*** SUPPLIED MATERIAL ***
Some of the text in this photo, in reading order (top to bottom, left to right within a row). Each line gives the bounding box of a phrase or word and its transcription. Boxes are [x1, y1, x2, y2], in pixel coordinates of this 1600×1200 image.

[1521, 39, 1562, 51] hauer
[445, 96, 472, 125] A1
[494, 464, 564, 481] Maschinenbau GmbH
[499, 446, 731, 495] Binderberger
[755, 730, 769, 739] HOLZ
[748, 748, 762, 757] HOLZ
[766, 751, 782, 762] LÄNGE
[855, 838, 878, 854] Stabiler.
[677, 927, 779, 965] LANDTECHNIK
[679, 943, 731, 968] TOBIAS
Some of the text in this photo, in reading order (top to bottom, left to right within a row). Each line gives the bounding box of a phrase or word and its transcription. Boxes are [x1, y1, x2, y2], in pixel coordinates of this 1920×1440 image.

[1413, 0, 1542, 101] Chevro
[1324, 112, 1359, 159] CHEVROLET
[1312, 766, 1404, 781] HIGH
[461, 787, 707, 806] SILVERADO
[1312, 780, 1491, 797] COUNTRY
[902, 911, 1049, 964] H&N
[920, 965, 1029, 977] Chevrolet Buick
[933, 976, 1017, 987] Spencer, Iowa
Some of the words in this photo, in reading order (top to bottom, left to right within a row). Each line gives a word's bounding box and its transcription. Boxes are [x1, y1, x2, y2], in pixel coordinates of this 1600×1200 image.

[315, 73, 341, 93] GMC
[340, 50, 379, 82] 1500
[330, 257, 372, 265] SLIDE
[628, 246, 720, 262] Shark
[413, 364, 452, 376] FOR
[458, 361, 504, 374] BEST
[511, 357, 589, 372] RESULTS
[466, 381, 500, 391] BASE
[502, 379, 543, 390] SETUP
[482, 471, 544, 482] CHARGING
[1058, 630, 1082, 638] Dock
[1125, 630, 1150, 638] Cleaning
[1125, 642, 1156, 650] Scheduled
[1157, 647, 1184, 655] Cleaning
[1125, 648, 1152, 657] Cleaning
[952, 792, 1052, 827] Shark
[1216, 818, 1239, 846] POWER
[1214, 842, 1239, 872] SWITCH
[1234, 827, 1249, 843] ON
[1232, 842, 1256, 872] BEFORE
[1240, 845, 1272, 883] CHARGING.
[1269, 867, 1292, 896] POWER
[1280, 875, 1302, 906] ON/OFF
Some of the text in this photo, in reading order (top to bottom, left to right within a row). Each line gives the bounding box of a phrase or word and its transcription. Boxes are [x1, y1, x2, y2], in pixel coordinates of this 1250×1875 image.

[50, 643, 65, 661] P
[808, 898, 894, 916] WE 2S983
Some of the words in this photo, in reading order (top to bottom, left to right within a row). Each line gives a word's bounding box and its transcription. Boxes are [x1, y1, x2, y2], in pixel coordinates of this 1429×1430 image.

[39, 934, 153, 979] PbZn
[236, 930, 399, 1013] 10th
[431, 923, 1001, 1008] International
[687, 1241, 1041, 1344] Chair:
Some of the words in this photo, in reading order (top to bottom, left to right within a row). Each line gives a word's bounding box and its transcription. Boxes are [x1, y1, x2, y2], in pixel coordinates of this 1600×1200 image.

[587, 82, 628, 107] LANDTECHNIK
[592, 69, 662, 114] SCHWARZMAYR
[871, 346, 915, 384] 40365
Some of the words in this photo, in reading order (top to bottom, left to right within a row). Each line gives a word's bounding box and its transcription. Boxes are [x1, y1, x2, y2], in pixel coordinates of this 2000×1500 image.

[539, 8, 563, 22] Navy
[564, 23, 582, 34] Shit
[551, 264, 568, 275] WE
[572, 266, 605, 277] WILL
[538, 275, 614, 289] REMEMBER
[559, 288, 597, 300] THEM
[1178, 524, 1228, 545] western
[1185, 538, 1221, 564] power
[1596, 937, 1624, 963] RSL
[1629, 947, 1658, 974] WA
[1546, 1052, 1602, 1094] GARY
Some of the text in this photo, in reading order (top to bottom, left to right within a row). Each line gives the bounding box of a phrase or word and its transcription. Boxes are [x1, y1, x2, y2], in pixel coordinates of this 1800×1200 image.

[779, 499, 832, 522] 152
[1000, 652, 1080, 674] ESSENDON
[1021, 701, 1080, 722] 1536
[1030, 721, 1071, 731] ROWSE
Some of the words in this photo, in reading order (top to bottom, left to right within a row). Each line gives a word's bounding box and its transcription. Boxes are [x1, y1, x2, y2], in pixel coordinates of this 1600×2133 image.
*** End of SUPPLIED MATERIAL ***
Print exactly the lines between the line with "this 1800×1200 image." and the final line of the records above, both included.

§ SOLUTION TO THE PROBLEM:
Some of the text in this photo, in reading order (top to bottom, left to right within a row). Each line gives the bounding box of a phrase or word and its transcription. Boxes are [x1, y1, x2, y2], in pixel coordinates of this 1800×1200 image.

[779, 499, 832, 522] 152
[1000, 652, 1080, 674] ESSENDON
[1021, 701, 1080, 722] 1536
[1030, 721, 1071, 731] ROWSE
Some of the words in this photo, in reading order (top to bottom, left to right within a row). Each line gives a word's bounding box and its transcription. Boxes are [x1, y1, x2, y2], in pixel coordinates of this 1600×2133 image.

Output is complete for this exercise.